▶ _About this task_
Restate exactly, and only, the lines spanning from the one with "this 1334×1126 image." to the end of the records below.

▶ _Source material_

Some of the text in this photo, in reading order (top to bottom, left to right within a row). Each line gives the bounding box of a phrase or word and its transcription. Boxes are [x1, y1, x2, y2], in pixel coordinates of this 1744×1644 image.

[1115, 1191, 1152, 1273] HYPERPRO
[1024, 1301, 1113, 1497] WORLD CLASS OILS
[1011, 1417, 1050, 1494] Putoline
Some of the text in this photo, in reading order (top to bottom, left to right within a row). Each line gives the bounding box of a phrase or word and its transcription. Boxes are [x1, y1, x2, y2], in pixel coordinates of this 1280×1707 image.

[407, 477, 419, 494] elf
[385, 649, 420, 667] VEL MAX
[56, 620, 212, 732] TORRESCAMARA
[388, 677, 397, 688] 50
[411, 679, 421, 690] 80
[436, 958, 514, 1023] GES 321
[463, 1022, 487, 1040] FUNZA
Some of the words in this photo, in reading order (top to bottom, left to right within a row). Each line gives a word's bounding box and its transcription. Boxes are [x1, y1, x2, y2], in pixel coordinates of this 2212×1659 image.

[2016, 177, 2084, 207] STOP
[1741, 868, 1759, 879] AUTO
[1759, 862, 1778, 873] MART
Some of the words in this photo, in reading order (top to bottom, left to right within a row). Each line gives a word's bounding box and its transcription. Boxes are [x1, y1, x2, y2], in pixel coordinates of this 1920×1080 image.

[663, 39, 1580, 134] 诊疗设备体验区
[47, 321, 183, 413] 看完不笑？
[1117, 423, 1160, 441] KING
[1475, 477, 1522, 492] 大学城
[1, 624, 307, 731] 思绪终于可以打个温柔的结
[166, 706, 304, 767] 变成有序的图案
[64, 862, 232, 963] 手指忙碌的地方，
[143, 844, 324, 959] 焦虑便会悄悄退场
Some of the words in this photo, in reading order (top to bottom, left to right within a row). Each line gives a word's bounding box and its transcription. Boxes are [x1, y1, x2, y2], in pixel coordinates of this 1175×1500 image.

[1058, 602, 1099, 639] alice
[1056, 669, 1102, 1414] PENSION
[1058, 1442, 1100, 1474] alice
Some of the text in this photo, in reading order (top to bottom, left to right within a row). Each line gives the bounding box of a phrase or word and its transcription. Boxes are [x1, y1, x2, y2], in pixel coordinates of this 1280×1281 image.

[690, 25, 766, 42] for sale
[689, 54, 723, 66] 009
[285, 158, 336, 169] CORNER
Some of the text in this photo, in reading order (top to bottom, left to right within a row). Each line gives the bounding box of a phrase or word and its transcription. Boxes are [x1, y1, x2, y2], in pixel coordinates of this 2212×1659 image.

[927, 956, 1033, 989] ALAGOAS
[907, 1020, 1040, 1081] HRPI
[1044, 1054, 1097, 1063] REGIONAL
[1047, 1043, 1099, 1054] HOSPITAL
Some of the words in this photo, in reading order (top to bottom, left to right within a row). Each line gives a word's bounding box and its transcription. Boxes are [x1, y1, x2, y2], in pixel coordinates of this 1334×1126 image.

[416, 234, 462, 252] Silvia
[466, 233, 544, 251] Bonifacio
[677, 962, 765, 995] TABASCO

▶ _Output for this exercise_
Some of the words in this photo, in reading order (top to bottom, left to right within a row). Each line gives a word's bounding box and its transcription. Boxes are [x1, y1, x2, y2], in pixel coordinates of this 1334×1126 image.

[416, 234, 462, 252] Silvia
[466, 233, 544, 251] Bonifacio
[677, 962, 765, 995] TABASCO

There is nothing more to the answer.